Records drawn from a dataset
*** Begin section ***
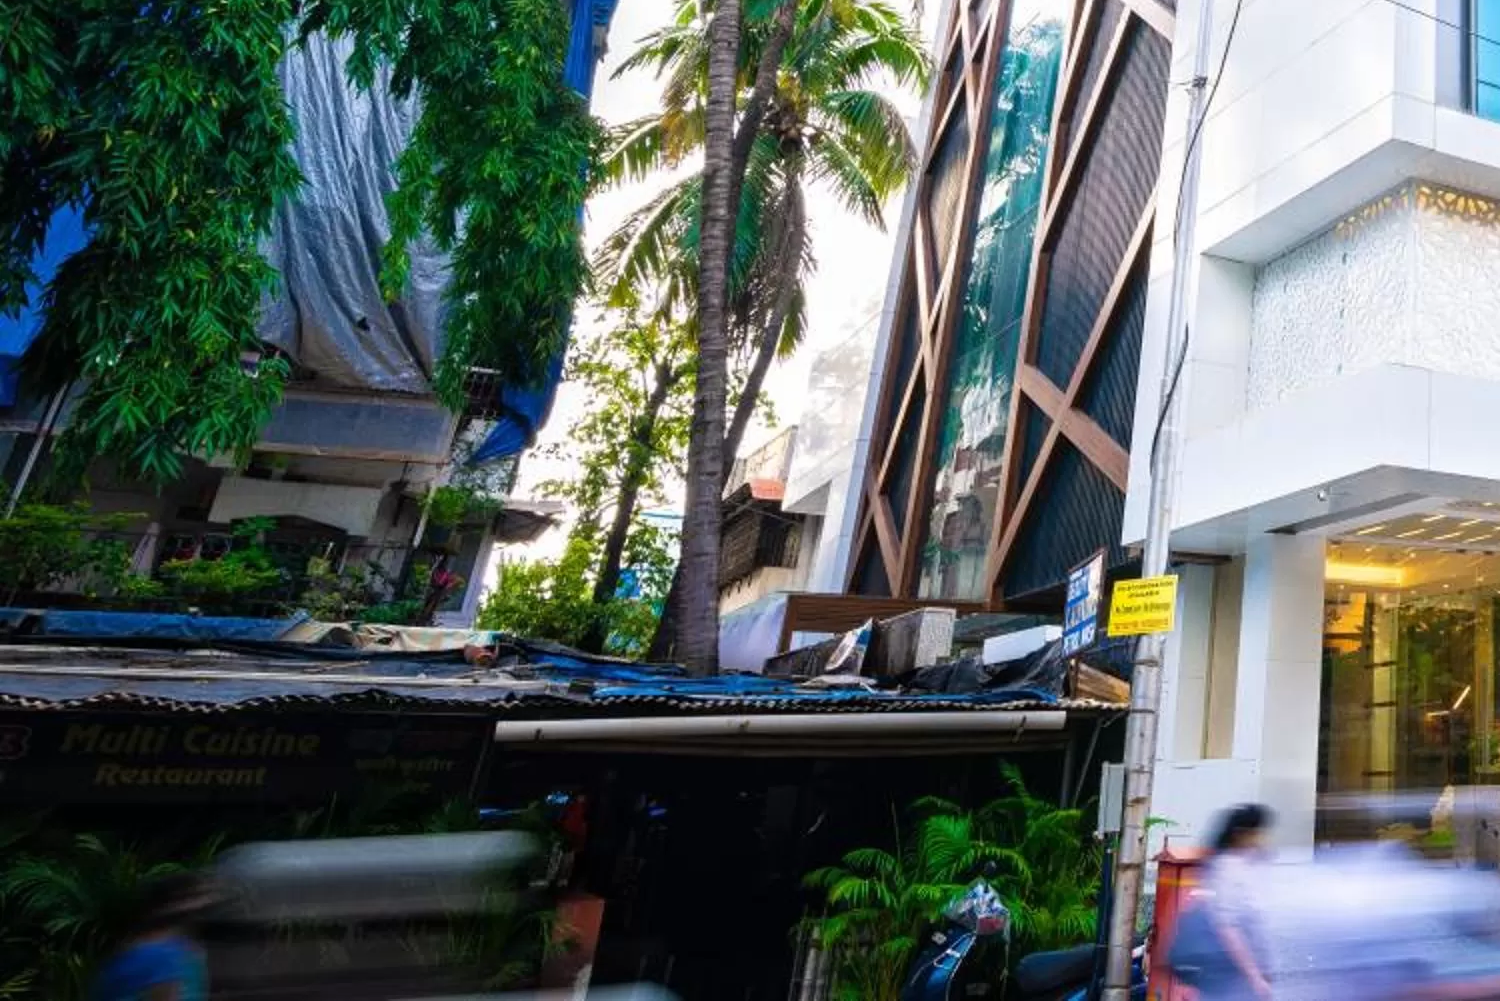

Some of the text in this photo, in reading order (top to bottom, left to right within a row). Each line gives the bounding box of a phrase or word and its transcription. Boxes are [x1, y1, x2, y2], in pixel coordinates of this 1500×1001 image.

[57, 723, 171, 756] Multi
[182, 723, 321, 757] Cuisine
[91, 763, 267, 787] Restaurant
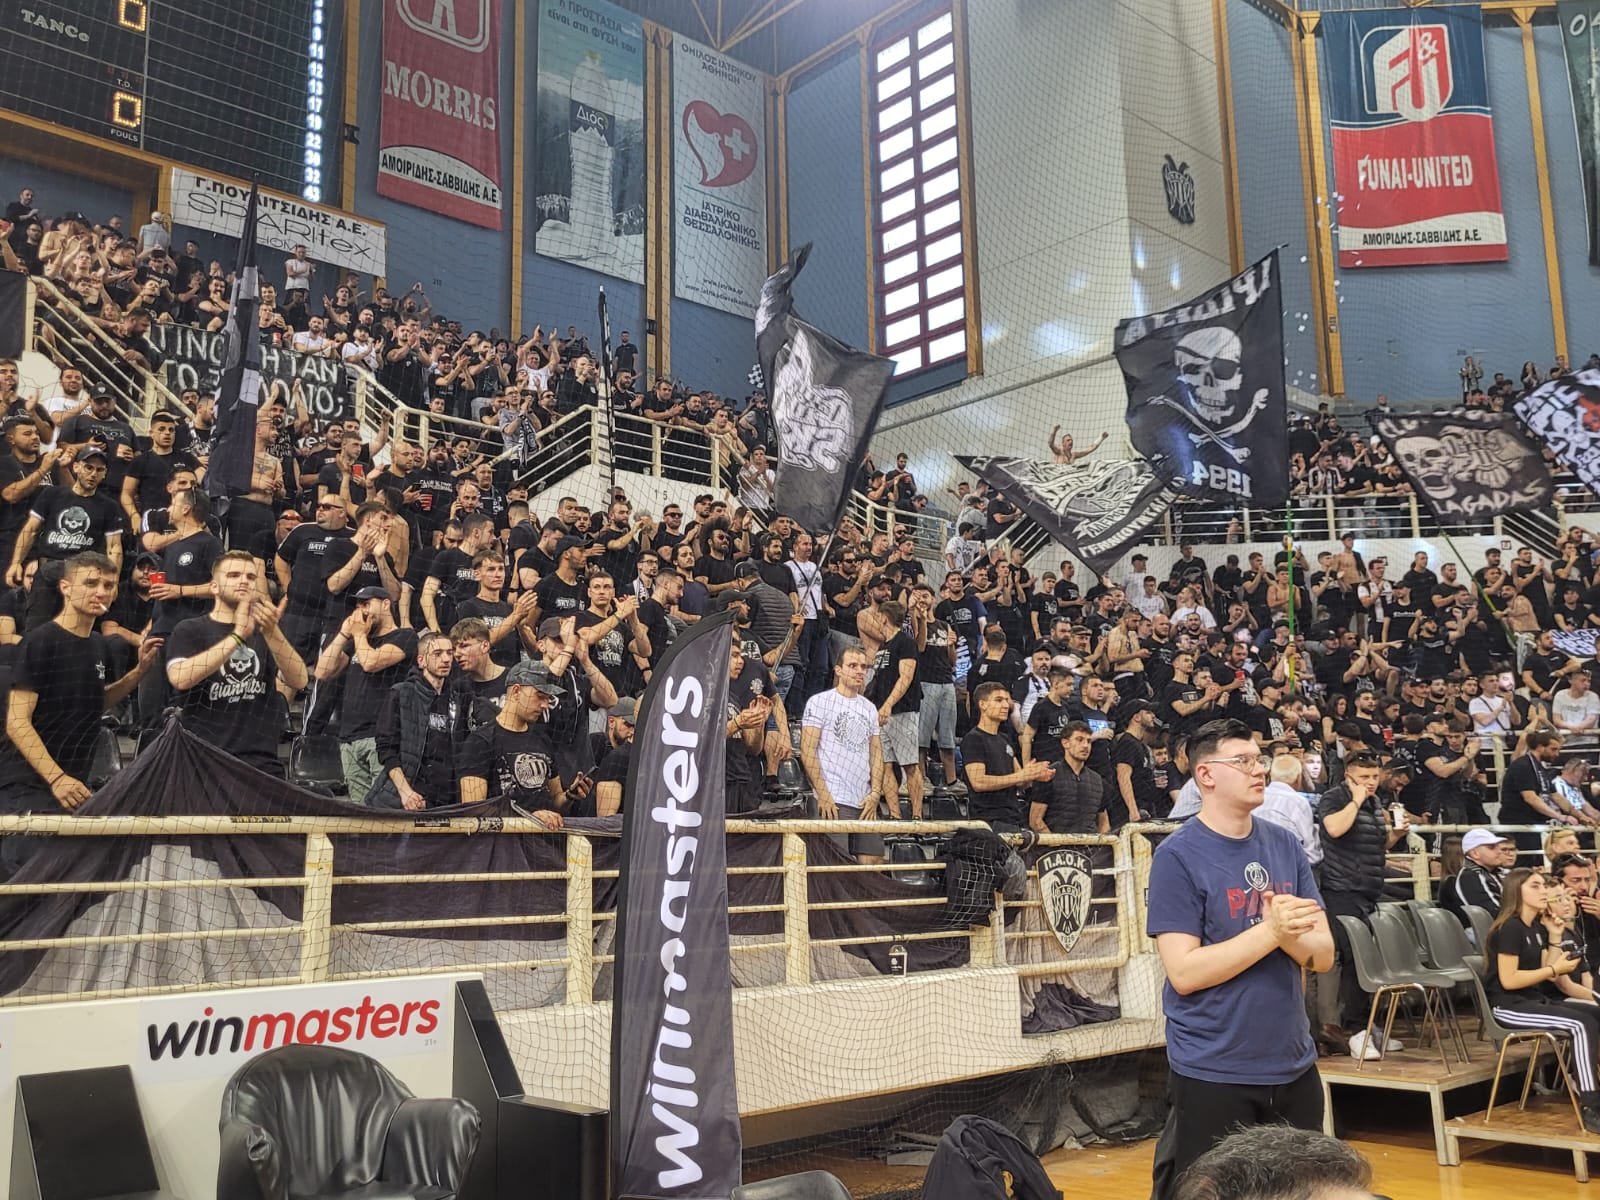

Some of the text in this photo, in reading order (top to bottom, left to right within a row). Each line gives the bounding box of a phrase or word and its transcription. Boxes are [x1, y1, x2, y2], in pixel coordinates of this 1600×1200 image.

[384, 60, 496, 131] MORRIS
[110, 128, 139, 142] FOULS
[1357, 155, 1473, 190] FUNAI-UNITED
[1432, 477, 1547, 517] LAGADAS
[209, 677, 267, 701] Giannitsa
[147, 995, 441, 1061] winmasters
*** End section ***
**WHAT YOU HAVE TO DO**
Repeat all entries exactly, pictures excluded.

**WRITTEN ANSWER**
Some of the text in this photo, in reading order (top to bottom, left to right within a row). Each line gives the bounding box of a phrase or word and its transcription. Boxes are [x1, y1, x2, y2], in pixel coordinates of this 1500×1001 image.

[57, 723, 171, 756] Multi
[182, 723, 321, 757] Cuisine
[91, 763, 267, 787] Restaurant

Some of the text in this photo, in reading order (top to bottom, left to right within a row). Each line gives the bounding box of a phrase or word and its transcription. Boxes are [x1, y1, x2, y2], in pixel coordinates of this 1600×1200 image.

[384, 60, 496, 131] MORRIS
[110, 128, 139, 142] FOULS
[1357, 155, 1473, 190] FUNAI-UNITED
[1432, 477, 1547, 517] LAGADAS
[209, 677, 267, 701] Giannitsa
[147, 995, 441, 1061] winmasters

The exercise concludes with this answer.